**Directions**: Transcribe the records below in full; pictures stay out of the copy.

-------- Records shown --------

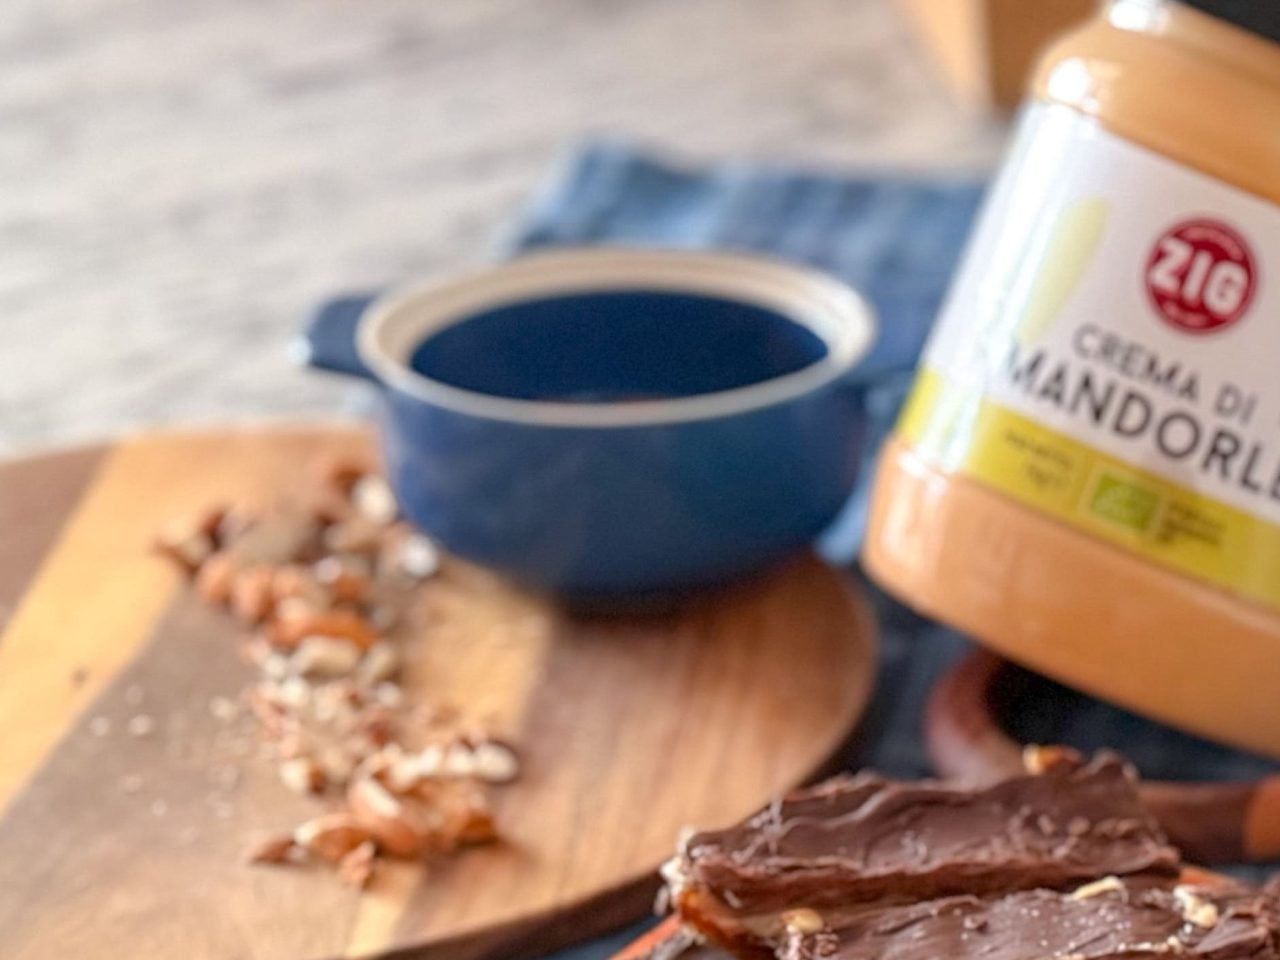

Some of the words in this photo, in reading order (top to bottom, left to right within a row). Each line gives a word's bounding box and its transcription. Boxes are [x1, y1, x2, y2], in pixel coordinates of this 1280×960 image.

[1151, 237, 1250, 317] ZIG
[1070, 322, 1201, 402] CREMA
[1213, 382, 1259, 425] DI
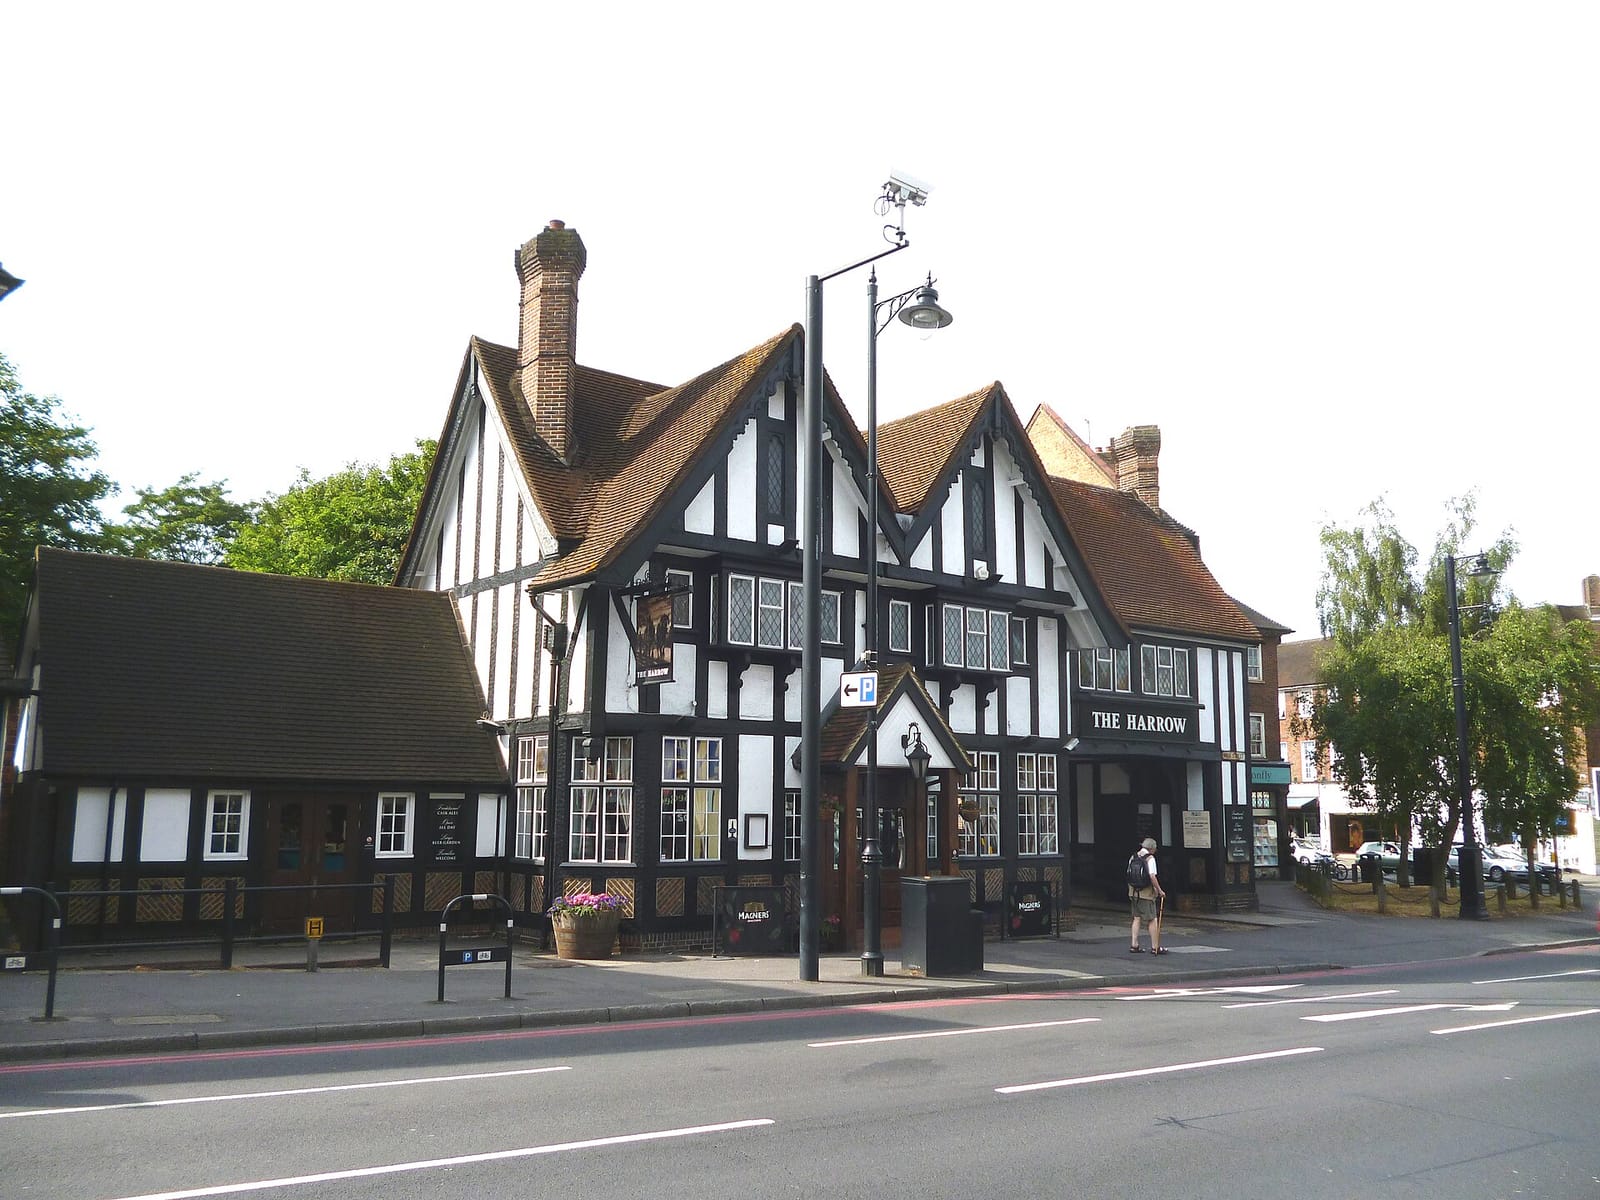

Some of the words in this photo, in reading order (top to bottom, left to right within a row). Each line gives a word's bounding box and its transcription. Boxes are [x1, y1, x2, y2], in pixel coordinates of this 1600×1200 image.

--------

**Your response**:
Some of the words in this photo, in reading order (top to bottom, left to right within a row). Each line gives a word's bounding box and its transcription. Boxes are [x1, y1, x2, y2], in pixel coordinates of this 1280×960 image.

[1151, 237, 1250, 317] ZIG
[1070, 322, 1201, 402] CREMA
[1213, 382, 1259, 425] DI

Some of the words in this photo, in reading order (top to bottom, left to right within a row). Each line gives a word's bounding box and its transcription. Boxes are [x1, y1, x2, y2], in pixel coordinates of this 1600×1200 image.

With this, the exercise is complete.